Yilmaz Emre, Ji Tianxi, Ayday Erman, Li Pan
Case Western Reserve University.
Proc ACM Workshop Priv Electron Soc. 2020 Nov;2020:163-179. doi: 10.1145/3411497.3420214. Epub 2020 Nov 9.
Although genomic data has significant impact and widespread usage in medical research, it puts individuals' privacy in danger, even if they anonymously or partially share their genomic data. To address this problem, we present a framework that is inspired from differential privacy for sharing individuals' genomic data while preserving their privacy. We assume an individual with some sensitive portion on her genome (e.g., mutations or single nucleotide polymorphisms - SNPs that reveal sensitive information about the individual) that she does not want to share. The goals of the individual are to (i) preserve the privacy of her sensitive data (considering the correlations between the sensitive and non-sensitive part), (ii) preserve the privacy of interdependent data (data that belongs to other individuals that is correlated with her data), and (iii) share as much non-sensitive data as possible to maximize utility of data sharing. As opposed to traditional differential privacy-based data sharing schemes, the proposed scheme does not intentionally add noise to data; it is based on selective sharing of data points. We observe that traditional differential privacy concept does not capture sharing data in such a setting, and hence we first introduce a privacy notation, -indirect privacy, that addresses data sharing in such settings. We show that the proposed framework does not provide sensitive information to the attacker while it provides a high data sharing utility. We also compare the proposed technique with the previous ones and show our advantage both in terms of privacy and data sharing utility.

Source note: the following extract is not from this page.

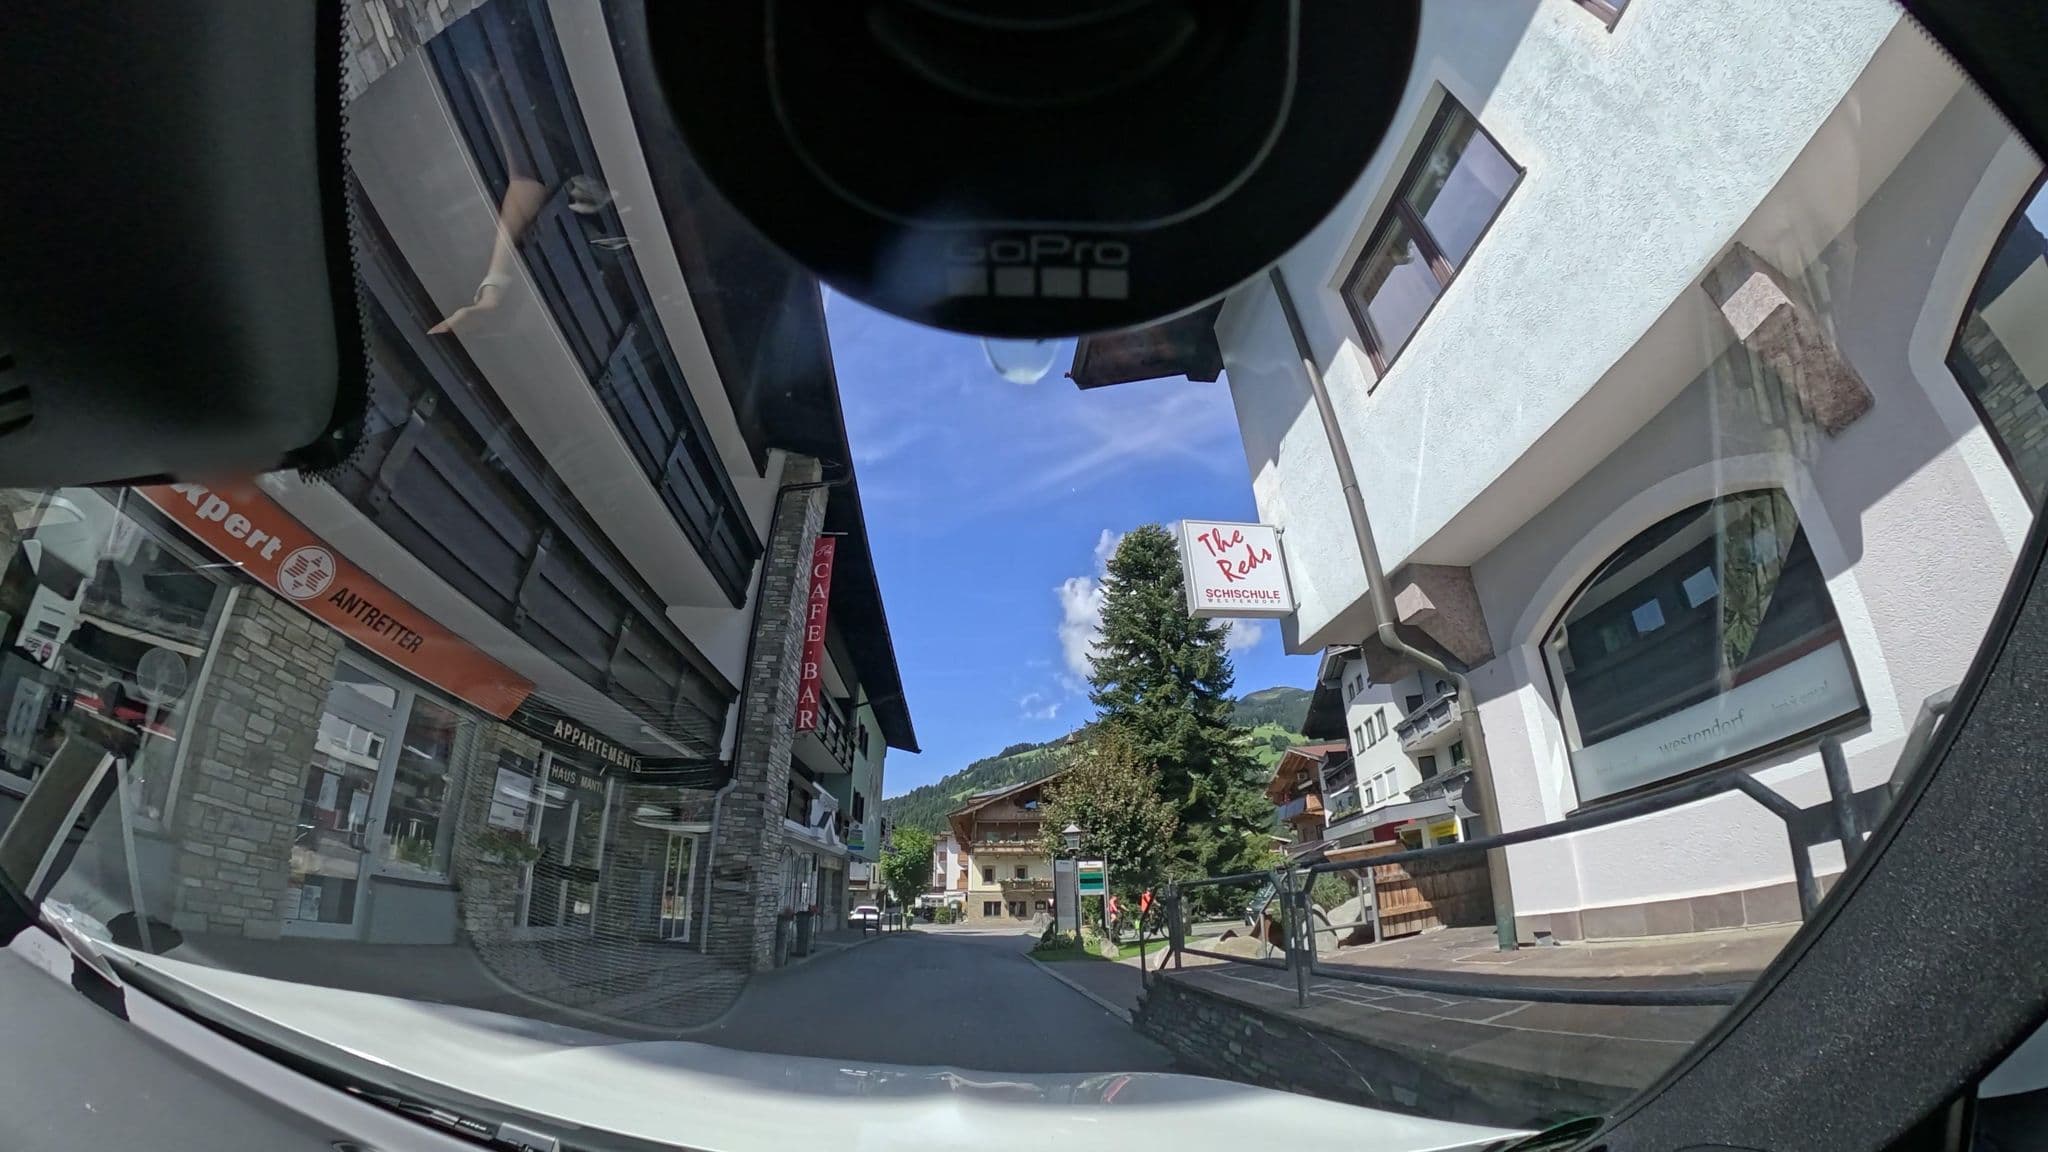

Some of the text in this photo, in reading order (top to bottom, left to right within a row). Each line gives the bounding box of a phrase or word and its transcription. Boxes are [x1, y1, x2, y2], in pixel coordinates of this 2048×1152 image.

尽管基因组数据在医学研究中具有重大影响且应用广泛,但它会危及个人隐私,即便个人以匿名或部分共享其基因组数据的方式也是如此。为解决这一问题,我们提出了一个受差分隐私启发的框架,用于在保护个人隐私的同时共享其基因组数据。我们假设有一个个体,其基因组上存在一些她不想共享的敏感部分(例如,揭示个体敏感信息的突变或单核苷酸多态性——SNPs)。该个体的目标是:(i)保护其敏感数据的隐私(考虑敏感部分与非敏感部分之间的相关性),(ii)保护相互依赖的数据(属于其他个体且与她的数据相关的数据)的隐私,以及(iii)尽可能多地共享非敏感数据,以最大化数据共享的效用。与传统的基于差分隐私的数据共享方案不同,所提出的方案不会故意向数据中添加噪声;它基于数据点的选择性共享。我们观察到传统的差分隐私概念无法适用于这种情况下的数据共享,因此我们首先引入一种隐私表示法——间接隐私,以解决这种情况下的数据共享问题。我们表明,所提出的框架在为攻击者提供高数据共享效用的同时,不会提供敏感信息。我们还将所提出的技术与之前的技术进行了比较,并展示了我们在隐私和数据共享效用方面的优势。